Di Fu scite author profile

Hydrogen sulfide (H2S) is a naturally occurring gas with potent vasodilator activity. Cystathionine-gamma-lyase (CSE) and cystathionine-beta-synthase (CBS) utilize L-cysteine as substrate to form H2S. Of these two enzymes, cystathionine-gamma-lyase (CSE) is believed to be the key enzyme that forms H2S in the cardiovascular system. Whilst H2S has been reported to relax precontracted rat arteries in vitro and to lower blood pressure in the rat, its effect in an inflammatory condition such as acute pancreatitis has not previously been reported. In this paper, we report the presence of H2S synthesizing enzyme activity and CSE (as determined by mRNA signal) in the pancreas.
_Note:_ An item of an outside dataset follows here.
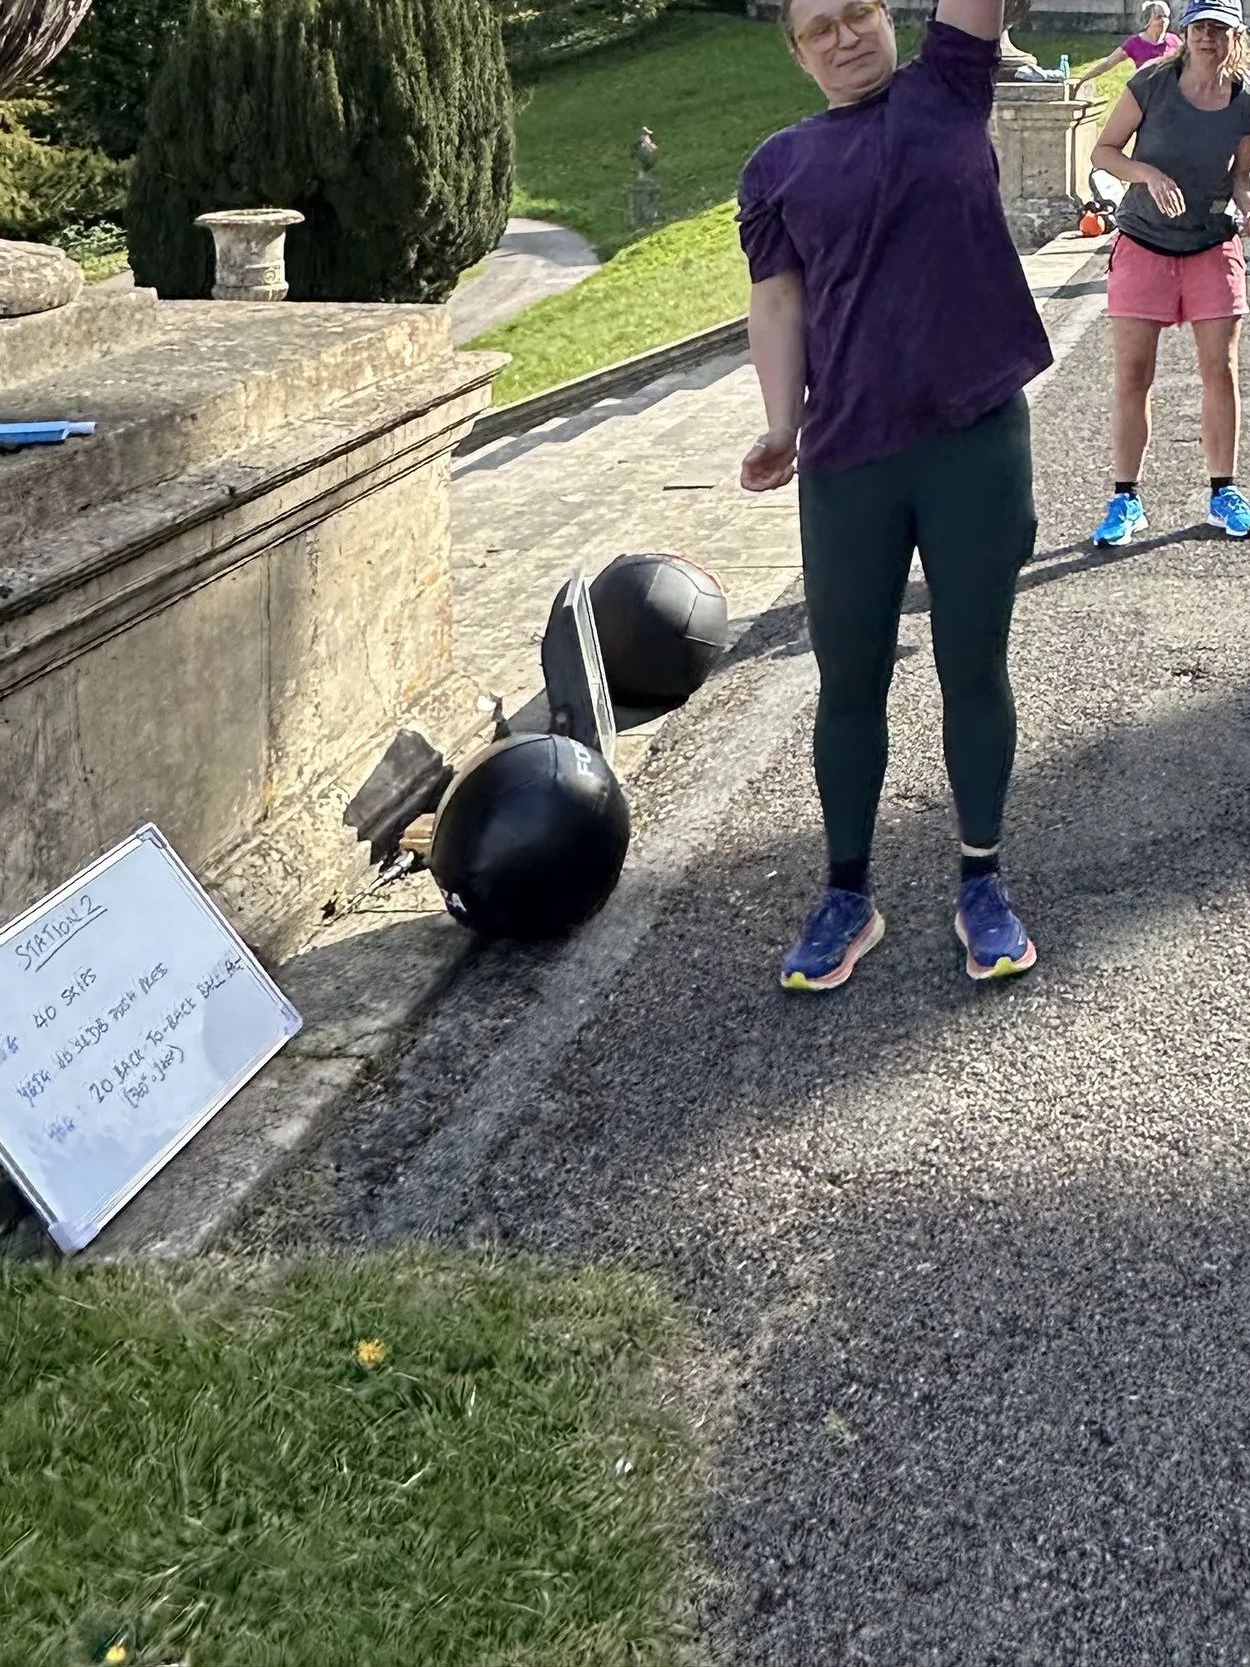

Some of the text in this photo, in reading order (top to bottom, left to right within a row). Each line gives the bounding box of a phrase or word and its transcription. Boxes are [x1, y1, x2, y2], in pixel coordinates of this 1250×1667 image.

Also, prophylactic, as well as therapeutic, treatment with the CSE inhibitor, DL-propargylglycine (PAG), significantly reduced the severity of caerulein-induced pancreatitis and associated lung injury, as determined by 1) hyperamylasemia [plasma amylase (U/L) (control, 1204+/-59); prophylactic treatment: placebo, 10635+/-305; PAG, 7904+/-495; therapeutic treatment: placebo, 10427+/-470; PAG, 7811+/-428; P<0.05 PAG c.f. placebo; n=24 animals in each group]; 2) neutrophil sequestration in the pancreas [pancreatic myeloperoxidase oxidase (MPO) activity (fold increase over control) (prophylactic treatment: placebo, 5.78+/-0.63; PAG, 2.97+/-0.39; therapeutic treatment: placebo, 5.48+/-0.52; PAG, 3.03+/-0.47; P<0.05 PAG c.f. placebo; n=24 animals in each group)]; 3) pancreatic acinar cell injury/necrosis; 4) lung MPO activity (fold increase over control) [prophylactic treatment: placebo, 1.99+/-0.16; PAG, 1.34+/-0.14; therapeutic treatment: placebo, 2.03+/-0.12; PAG, 1.41+/-0.97; P<0.05 PAG c.f. placebo; n=24 animals in each group]; and 5) histological evidence of lung injury. These effects of CSE blockade suggest an important proinflammatory role of H2S in regulating the severity of pancreatitis and associated lung injury and raise the possibility that H2S may exert similar activity in other forms of inflammation.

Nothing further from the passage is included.